The fisherman who recovered the bloated body reported that when he had found it, there had been three dolphins taking it in turns to nudge it towards the shore. But there had been stories like that from ancient times, and in truth no one knew any more whether it was merely a romantic figure or a fact of life.

64 Antonia

There had been so many rapes and so many orphans made, that Pelagia and Drosoula were not surprised to find an abandoned bundle on their doorstep. It had been born at such a time that its father could have been a Nazi or a Communist, and its mother might have been any unfortunate girl at all. Whoever this sorrowing and dishonoured girl had been, she had cared enough about her child to leave it upon the doorstep of a doctor's house, knowing that those inside would have an inkling what to do. Such was the intractable chaos of the times that the two women could think of nothing else to do other than to try to care for it themselves, thinking that in time it could be adopted by someone childless or handed to the Red Cross.

They had taken the child inside and unwrapped it, discovering that it was a girl in the process, and also had seen straight away that she was a child whose nature was made for a better world to come.

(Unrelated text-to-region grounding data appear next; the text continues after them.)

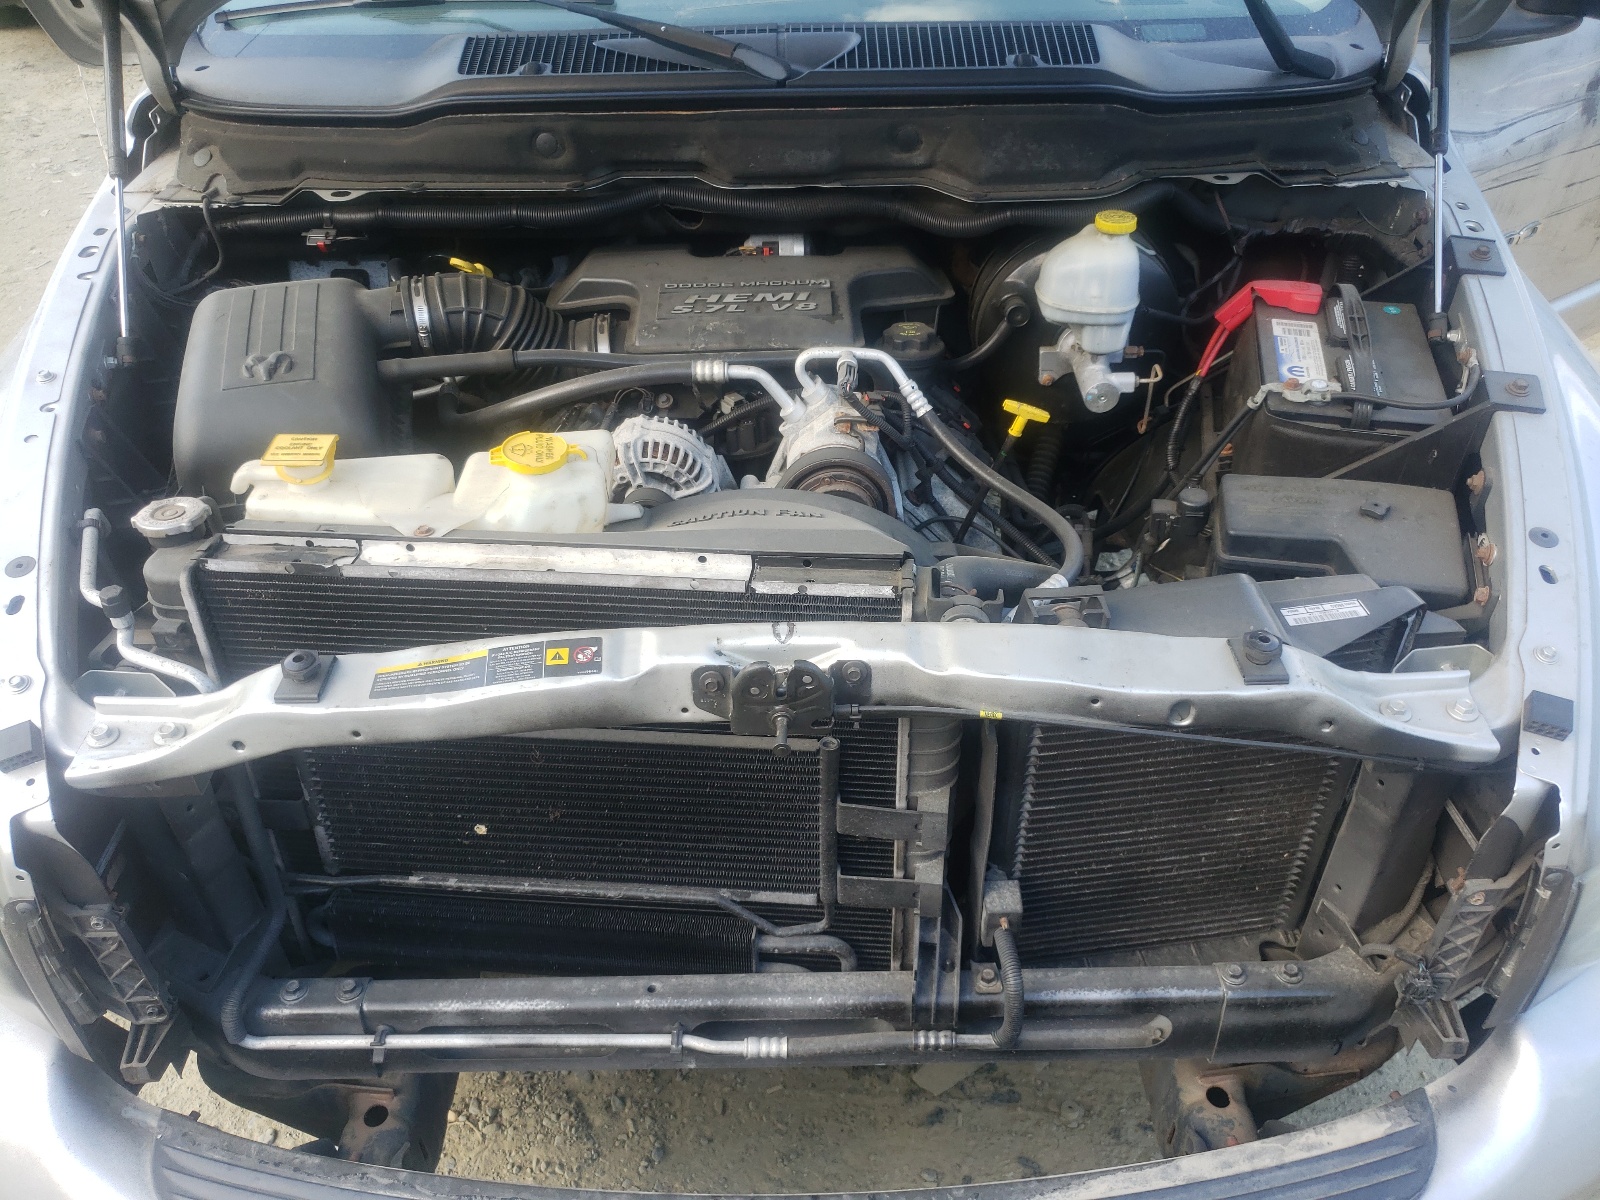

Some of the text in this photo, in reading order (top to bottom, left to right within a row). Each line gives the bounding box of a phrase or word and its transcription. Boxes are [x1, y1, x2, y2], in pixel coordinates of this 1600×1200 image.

[664, 279, 831, 290] DODGE MAGNUM
[683, 291, 812, 305] HEMI
[670, 302, 818, 315] 5.7L V8
[545, 436, 555, 460] WASHER
[535, 449, 544, 464] ONLY
[667, 508, 826, 528] CAUTION FAN
[422, 657, 450, 667] WARNING
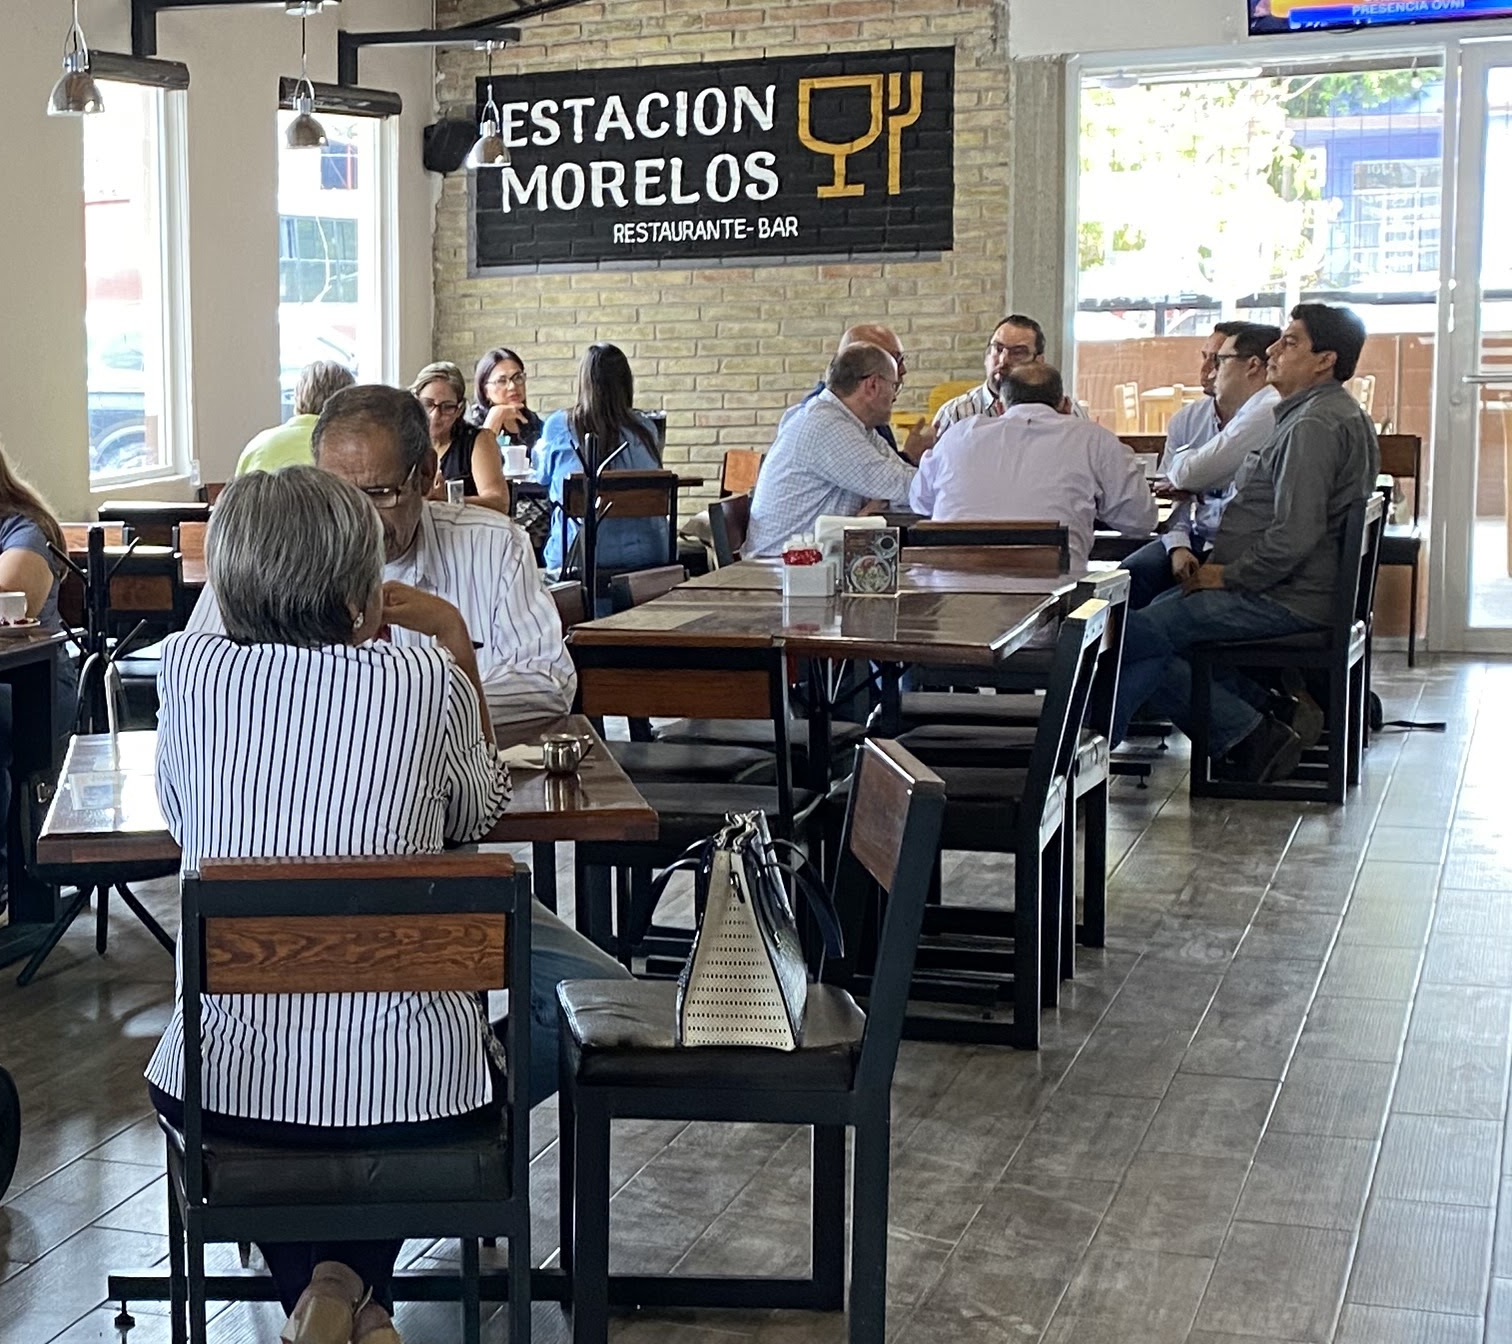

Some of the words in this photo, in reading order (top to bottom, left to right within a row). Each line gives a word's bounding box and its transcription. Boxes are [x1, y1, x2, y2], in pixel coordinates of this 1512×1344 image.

She was calm and serene, sought no pretexts for that demented howling with which some babies torment their parents, she sucked the thumb of her right hand, a habit she was never to lose even in old age, and she smiled liberally, her legs and arms pumping with delight in a motion that Pelagia called `twittering'. She could be induced to emit a long gurgle of pleasure merely by pressing one's finger upon the tip of her nose, producing a sound so much like a slow tremolo on a bass string that Pelagia decided to name her after Captain Corelli's mandolin.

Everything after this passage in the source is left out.